The fact that ASU is a dry campus has been embedded in the minds of students since freshman orientation. Residence Halls on campus have strict rules banning alcohol.
In previous years, residents could not have alcohol in their rooms (hidden or visible) and no alcohol could be possessed or consumed by residents. Even students 21 and older living in all the residence halls were penalized with a monetary fee and required to take an alcohol awareness class.
However, this year Residential Life declared The Towers and Cholla Apartment Villages wet for residents ages 21 and older. The other 12 residence halls on the Tempe campus will remain dry.
This surprising change is due to a lack of upper classmen living in the residence halls. Finally, Residential Life is taking action to create age-diverse living communities that they endorse to students.
The only way to attract upperclassmen to live on campus is by giving them their freedom to drink in the residence halls.
Many students will agree, few 21-year-olds choose to live on campus. I lived in the Barrett Honors College residence hall last year and I did not encounter one resident who was 21 living on campus.
Who can blame them? The majority of students 21 and over move off campus so they can drink freely in their apartments and avoid the restrictions Residential Life imposes.
By law it is a 21-year-old's right to drink alcohol. Since most students 21 and over take advantage of this right, why would they live on campus where this new freedom is stripped away?
By allowing older students to drink in their own rooms, Residential Life will remove the greatest downside of living on campus and being over 21.
Few students 21 and over live in the current dry dorms, like Manzanita; however, by turning every dorm wet, this will mean more upperclassmen living in the dorms. This, in turn, means that new students will have easily accessible mentors and that the campus will be less divided by age.
Have you ever walked around campus and noticed the wine and beer festivals near Old Main or on Hayden lawn? You are not the only one walking by these events thinking, "Isn't ASU supposed to be a dry campus?" Although these booze fests are not geared towards students, it still sends a mixed message. ASU needs to decide; all dry or all wet. ASU can not be considered a completely dry campus with drinking festivals and some wet dorms.
If ASU goes wet, the campus can attract age-diverse living communities while still hosting drinking festivals. Why not turn wet? Wet dorms do not mean that under age drinking is allowed; it simply means that residents over 21 still have their rights to consume alcohol in their individual rooms on campus.

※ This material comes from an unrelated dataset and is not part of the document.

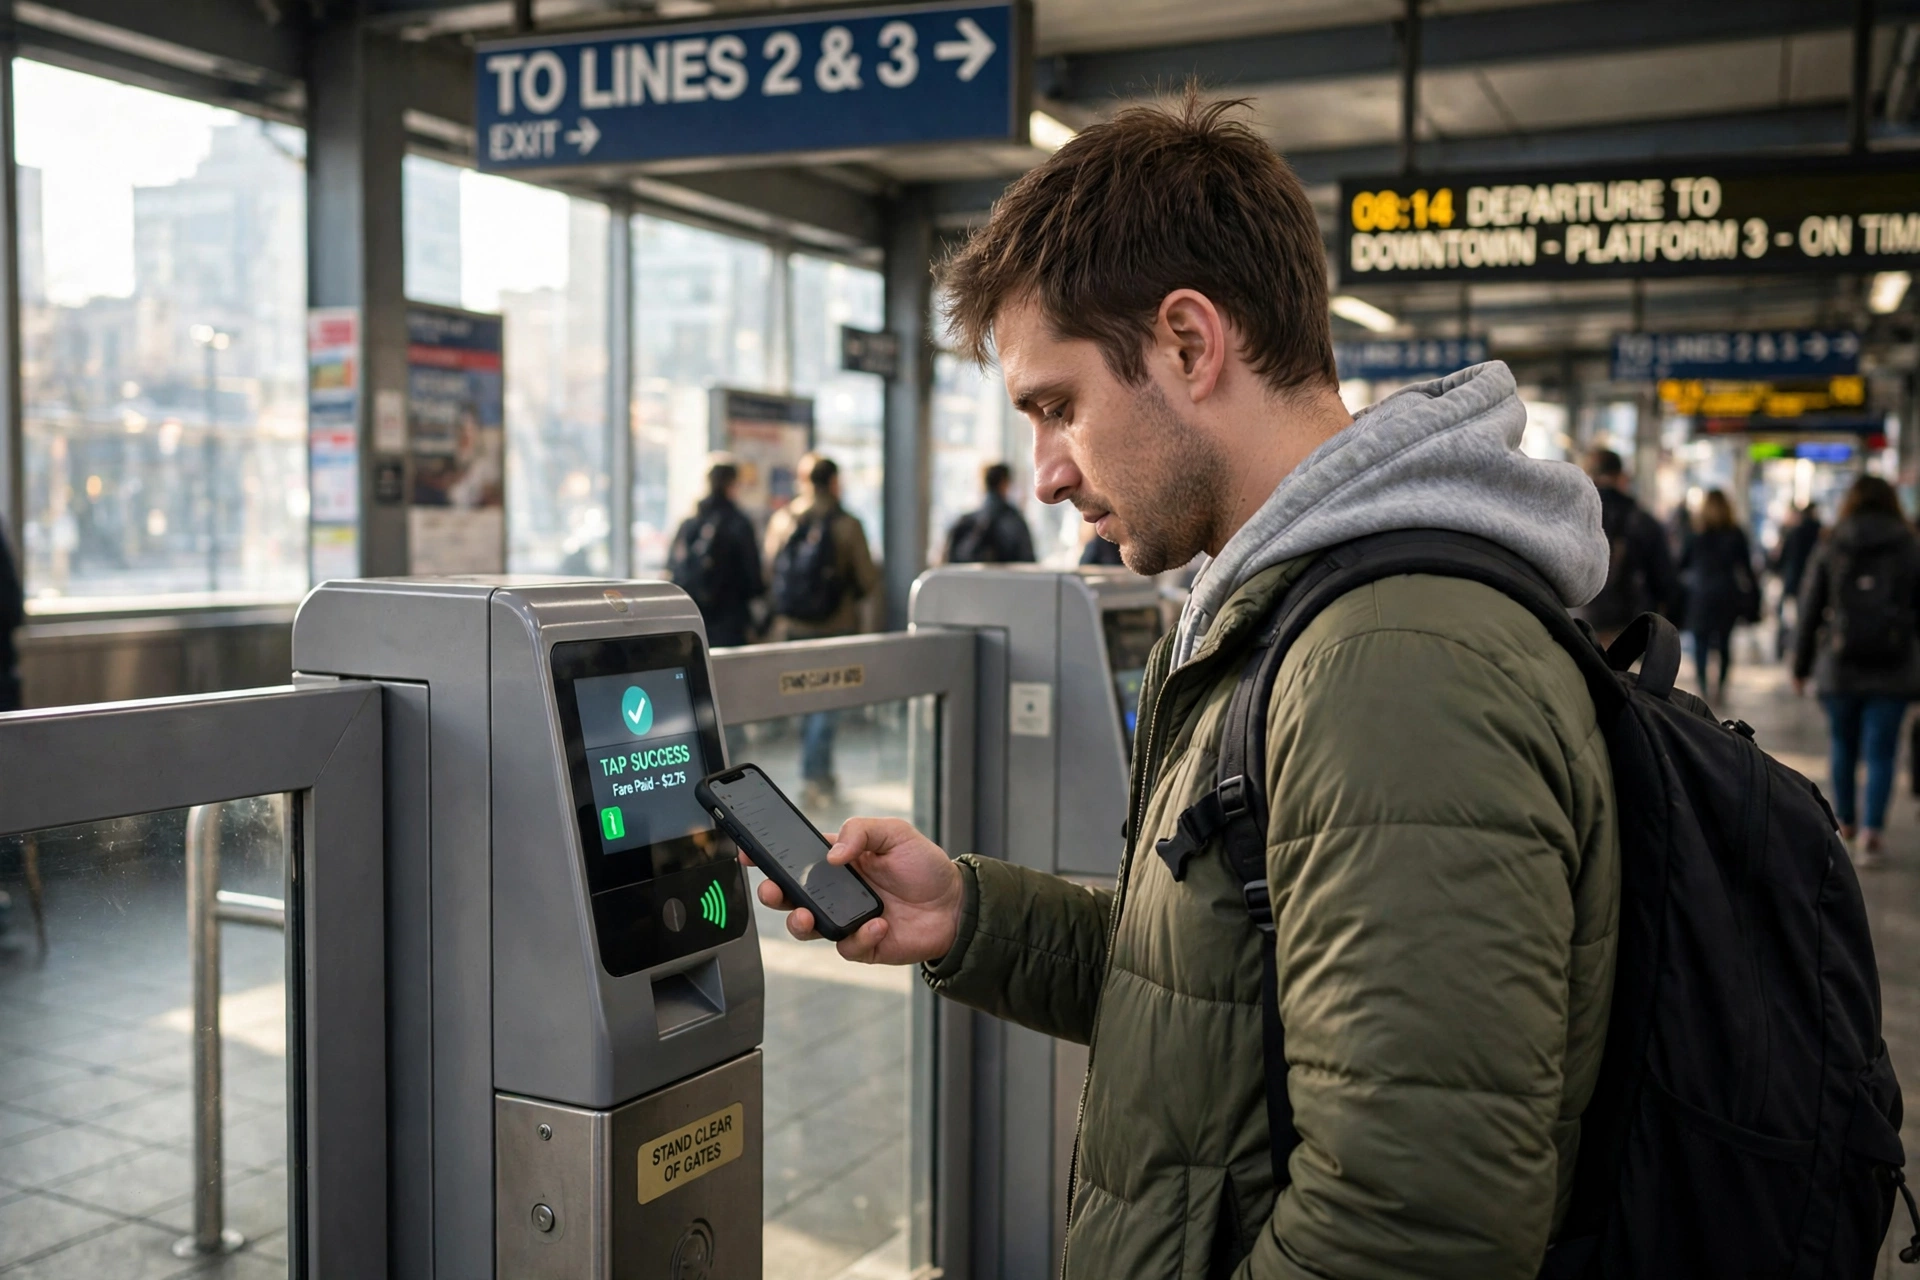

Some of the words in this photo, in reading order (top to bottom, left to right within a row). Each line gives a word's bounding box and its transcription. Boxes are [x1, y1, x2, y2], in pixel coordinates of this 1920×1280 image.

Wet dorms do not mean that it is acceptable or legal to provide alcohol to underage students, or to have underage residents present when alcohol is being consumed in a residence hall.
Regardless, there needs to be a universal policy for alcohol consumption at ASU. If some residence halls are wet, then they all need to be wet. If ASU wants to continue to uphold its alcohol-free policies, then it needs to ensure that all dorms and activities are alcohol-free. The wet dorms and beer fests on campus are hypocritical to ASU's non-alcohol policy.